There are many nice breeding species up there. The large amount of insects, particularly mosquitos, is (apart from being a bit annoying...) a great food source for many birds. This year, though, the spring arrived quite late, with a very cold May when it snowed quite much everywhere. The breeding season up here is quite short; most of the species are migrants that come here, breed, and leave after to avoid the cold and tough times. So this year, with very late snow and cold spring, most of the species failed the apparently failed the beginning of the breeding or simply skipped it. That was very noticeable in the low densities of waders in good habitats, or the late clutches of several passerines. Still, we managed to see most of the nice species!
Lapland Bunting (Calcarius lapponicus) warning the chicks
about our presence.
This Willow Grouse (Lagopus lagopus) was as surprised as us
when we caught it! 
Saana mountain, close to Kilpisjärvi.
In more rocky areas, Ptarmigans (Lagopus muta) and Snow Buntings (Plectrophenax nivalis) appear. We were lucky to see several individuals from both species, and also to get some!

Ptarmigan habitat...
 
 
 
 
Snow Bunting habitat.
We could ring this 2cy (EURING 5) male. GC10 (innermost)
was moulted on the postjuvenile moult, and it keeps the juvenile
'dirty' primary coverts and secondaries.
This adult (EURING 6) male shows clean white primary
coverts, as well as less worn flight feathers.
On the birch forests that grow on the sides of the tundra fjäll, there are several very nice bird species breeding.
Ring Ouzel (Turdus torquatus torquatus).
'Red-spotted' Bluethroat (Luscinia svecica svecica).
Bohemian Waxwing (Bombycilla garrulus).
Suddenly, lakes may appear and they usually are packed with very interesting waders, such as breeding Red-necked Phalaropes (Phalaropus lobatus) and Temminck's Stints (Calidris temminckii).

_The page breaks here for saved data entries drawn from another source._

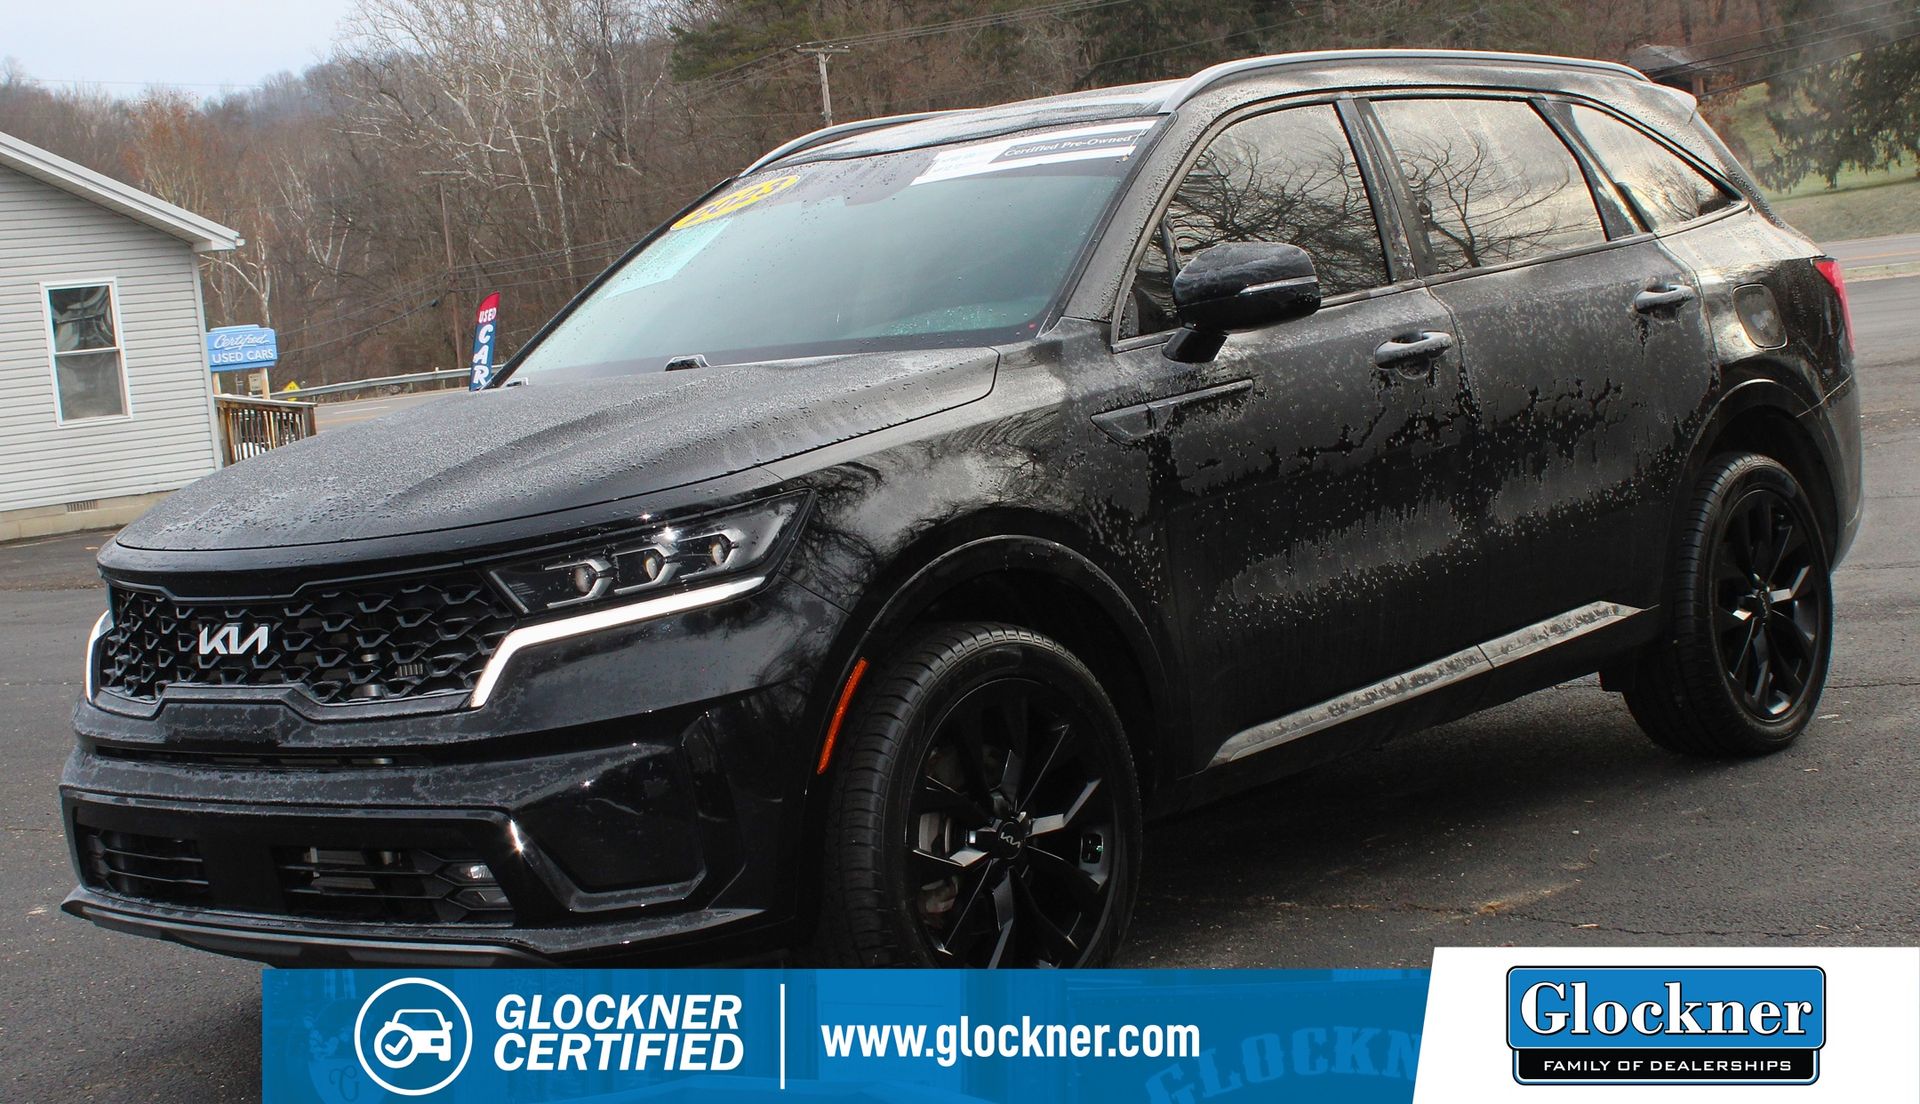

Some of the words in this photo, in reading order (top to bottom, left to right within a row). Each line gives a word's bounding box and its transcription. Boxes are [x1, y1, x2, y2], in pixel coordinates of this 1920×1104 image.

[1004, 143, 1058, 157] Certified
[1060, 135, 1133, 149] Pre-Owned
[479, 307, 497, 323] USED
[214, 334, 270, 351] Certified
[212, 351, 244, 364] USED
[246, 349, 274, 361] CARS
[199, 626, 269, 655] KIA
[1000, 832, 1021, 849] KIA

Red-necked Phalarope, male.
Temminck's Stint (Calidris temminckii).
 We could ring this very nice Temminck's, one of the species that has been studied recently to reveal their amazing journeys from the breeding grounds in the tundra to the far south wintering sites. For more information about Temmick's migration I recommend this paper Lislevand & Hahn 2015.


In lower areas, extensive mires are the home of several other wader species, such as Wood Sandpipers (Tringa glareola)Ruffs (Calidris pugnax)Broad-billed Sandpipers (Calidris falcinellus)... It was amazing to see the latter species displaying in flight!

  
Siberian specialities such as the Siberian Jay (Perisoreus infaustus) or Siberian Tit (Poecile cinctus) are found more commonly in old-growth Scots Pine (Pinus sylvestris) forests, that are usually quite well-covered by lichens.

Siberian Tit on its habitat.
Female and male Siberian Tits, sexed on broodpatch/cloaca
respectively. Males seem to have darker bib and lores, as well
as slightly more purple tinged head than females.

Closeby, we ringed a family of Dippers (Cinclus cinclus cinclus). I was expecting the adults to be completely black in the underparts, without this broad brownish-red 'belt'.


Between hiking journeys to reach Dotterel's breeding areas, we also had some time for the interesting ringing of some breeding Redpolls (Acanthis flammea) and also some Twites (Linaris flavirostris).

Redpoll (Acanthis flammea).
Twite (Linaria flavirostris).
Primary shape (and, used carefully, also primary wear) can be a
good ageing tip for both species. Here an example with Twites,
an adult (EURING 6) male on the left and a 2cy (EURING 5)
 female to the right. Notice the pinkish feathers on the rump that
enable the sexing as male on the left bird.
Having deployed some geolocators to some Dotterels and enjoyed most of the local breeding birds, we started our journey back to the south, having some more interesting stops on the way. If you are a foreigner you may love to see a Moose (Alces alces) this close to the road, but then you realise how big they are and how you prefer them to be away from the roads.


Among others, we had a brief stop to check Blyth's Reed Warblers (Acrocephalus dumetorum), which was very interesting for me! They really feel different from a Reed Warbler, especially in hand..


Other highlights were these two nice species!
Whimbrel (Numenius phaeopus) chick.
Corncrake (Crex crex).
A really amazing trip that I will always thank my Finnish friends: Kiitoksia!!!